The United States largest fuel pipeline has entered its fifth day of downtime as the operation was shut down by hackers, Reuters reported.
BBC reports that the hackers meant to do “no harm” to the nation's largest supplier of fuel and energy.
The pipeline was hit by a “ransomware attack” earlier this week, causing 45% of the east coast supply of diesel, petrol and jet fuel to be stalled.
With the capacity of pumping 2.5 million barrels a day, the ransomware attack has choked off nearly half of the coast's supply, a significant impact on the aggregate supply of these goods within the region.
The massive hit to the region has caused the national gasoline price to increase by 6 cents to $2.96 a gallon, the highest since May 2018, these prices may increase further if the situation continues.
With over 17 states being affected by the shutdown, the situation is becoming more and more negative as consumers as well as businesses will have to pay the costs of increased fuel prices.
Due to fuel and petrol being price inelastic, heavily weighted goods, the impact which this shortage will have if not fixed on consumers may be immeasurable as individuals will be essentially forced to pay these higher prices out of their own pocket due to there being no other alternatives.
Additionally, this will affect businesses transportation and logistics costs as the majority of firms rely heavily on petrol and diesel.
Because of this, the operating costs of many firms will increase, leading to a reduction in aggregate supply resulting in cost-push inflation as prices rise so that businesses can continue to make a profit by rationing the market.
Additionally, the rising fuel prices have caused fears among consumers as some households act to buy as much petrol as possible resulting in lines being formed at petrol stations, reports Reuters.
This will result in demand-pull inflation as the demand for petrol increases as consumers act now to avoid the future possibility of a petrol shortage.
This will have further negative consequences on consumers within the 17 state region as they will be forced to pay higher prices when it comes to buying normal, everyday products.
This may affect the most vulnerable individuals within society the most, especially the ones on limited or fixed incomes as their buying power decreases due to the rising inflation rate.

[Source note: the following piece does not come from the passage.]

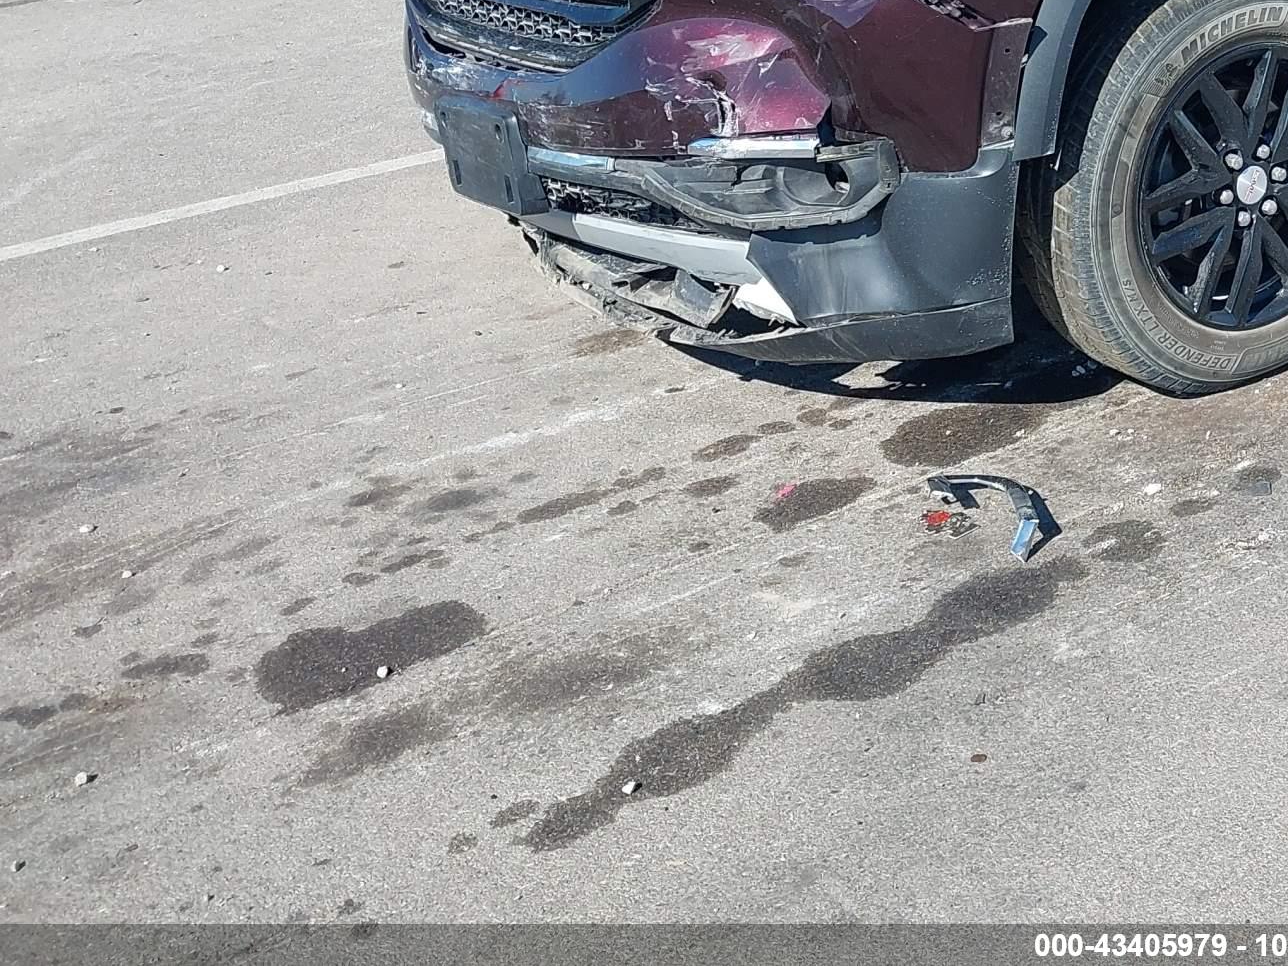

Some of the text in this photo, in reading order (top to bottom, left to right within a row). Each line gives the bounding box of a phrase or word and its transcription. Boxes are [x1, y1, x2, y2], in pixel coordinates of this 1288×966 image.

This will result in these individuals, who have been hit hard by the pandemic, maybe switch from normal to inferior goods, decreasing their satisfaction and health as they eat unhealthier meals with more preservative contents.
This situation could become even direr, especially if these individuals were forced to cut back on purchasing goods altogether as this would decrease public health significantly as individuals would be forced to juggle their income to make ends meet.
However, the situation will likely not get to this point as the U.S. is working against the clock to restore the pipeline later this week, once this happens, all should return back to normal.
Fuel and oil prices typically fluctuate, for this reason, once the pipeline is up and running again the costs of producers in the 17 states affected by the shortage will likely normalise once again.
So, once the pipeline will begin to deliver its capacity of 2.5 million barrels to American consumers and businesses alike, thus increasing the aggregate supply and decreasing the price of fuel, in other words, it will likely result in deflation in the price of fuel and oil.
This means that American firms will have their operating costs return back to normal levels, thus meaning they will be able to supply products at a regular capacity.
Therefore, because of this, the price of these products will likely fall, undoing the harmful effects associated with rising oil prices as the buying power of American consumers returns allowing them to enjoy an equitable standard of living.